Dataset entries

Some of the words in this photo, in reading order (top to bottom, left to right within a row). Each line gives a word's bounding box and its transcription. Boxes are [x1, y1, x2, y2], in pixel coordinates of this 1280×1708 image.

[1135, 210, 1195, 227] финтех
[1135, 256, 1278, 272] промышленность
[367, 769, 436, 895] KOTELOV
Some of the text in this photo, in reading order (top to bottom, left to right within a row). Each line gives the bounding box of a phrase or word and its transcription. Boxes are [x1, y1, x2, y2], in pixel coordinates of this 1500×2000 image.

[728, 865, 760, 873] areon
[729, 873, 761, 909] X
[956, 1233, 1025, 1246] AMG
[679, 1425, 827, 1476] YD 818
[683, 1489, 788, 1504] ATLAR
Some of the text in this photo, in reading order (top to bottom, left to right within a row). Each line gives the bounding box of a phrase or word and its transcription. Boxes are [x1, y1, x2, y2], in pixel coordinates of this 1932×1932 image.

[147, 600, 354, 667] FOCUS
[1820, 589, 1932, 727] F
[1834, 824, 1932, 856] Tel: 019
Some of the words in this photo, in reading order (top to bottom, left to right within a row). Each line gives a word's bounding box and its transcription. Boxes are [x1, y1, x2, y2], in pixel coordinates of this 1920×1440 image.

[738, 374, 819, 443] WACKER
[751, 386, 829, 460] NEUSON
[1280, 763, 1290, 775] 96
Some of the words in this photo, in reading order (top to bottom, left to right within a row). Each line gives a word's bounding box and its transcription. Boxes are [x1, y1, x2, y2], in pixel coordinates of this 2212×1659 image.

• _Problem statement_: For this exercise, set down all of the entries again word for word.

• _Solution to this task_:
Some of the words in this photo, in reading order (top to bottom, left to right within a row). Each line gives a word's bounding box and its transcription. Boxes are [x1, y1, x2, y2], in pixel coordinates of this 1280×1708 image.

[1135, 210, 1195, 227] финтех
[1135, 256, 1278, 272] промышленность
[367, 769, 436, 895] KOTELOV
Some of the text in this photo, in reading order (top to bottom, left to right within a row). Each line gives the bounding box of a phrase or word and its transcription. Boxes are [x1, y1, x2, y2], in pixel coordinates of this 1500×2000 image.

[728, 865, 760, 873] areon
[729, 873, 761, 909] X
[956, 1233, 1025, 1246] AMG
[679, 1425, 827, 1476] YD 818
[683, 1489, 788, 1504] ATLAR
Some of the text in this photo, in reading order (top to bottom, left to right within a row). Each line gives the bounding box of a phrase or word and its transcription. Boxes are [x1, y1, x2, y2], in pixel coordinates of this 1932×1932 image.

[147, 600, 354, 667] FOCUS
[1820, 589, 1932, 727] F
[1834, 824, 1932, 856] Tel: 019
Some of the words in this photo, in reading order (top to bottom, left to right within a row). Each line gives a word's bounding box and its transcription. Boxes are [x1, y1, x2, y2], in pixel coordinates of this 1920×1440 image.

[738, 374, 819, 443] WACKER
[751, 386, 829, 460] NEUSON
[1280, 763, 1290, 775] 96
Some of the words in this photo, in reading order (top to bottom, left to right within a row). Each line gives a word's bounding box and its transcription. Boxes are [x1, y1, x2, y2], in pixel coordinates of this 2212×1659 image.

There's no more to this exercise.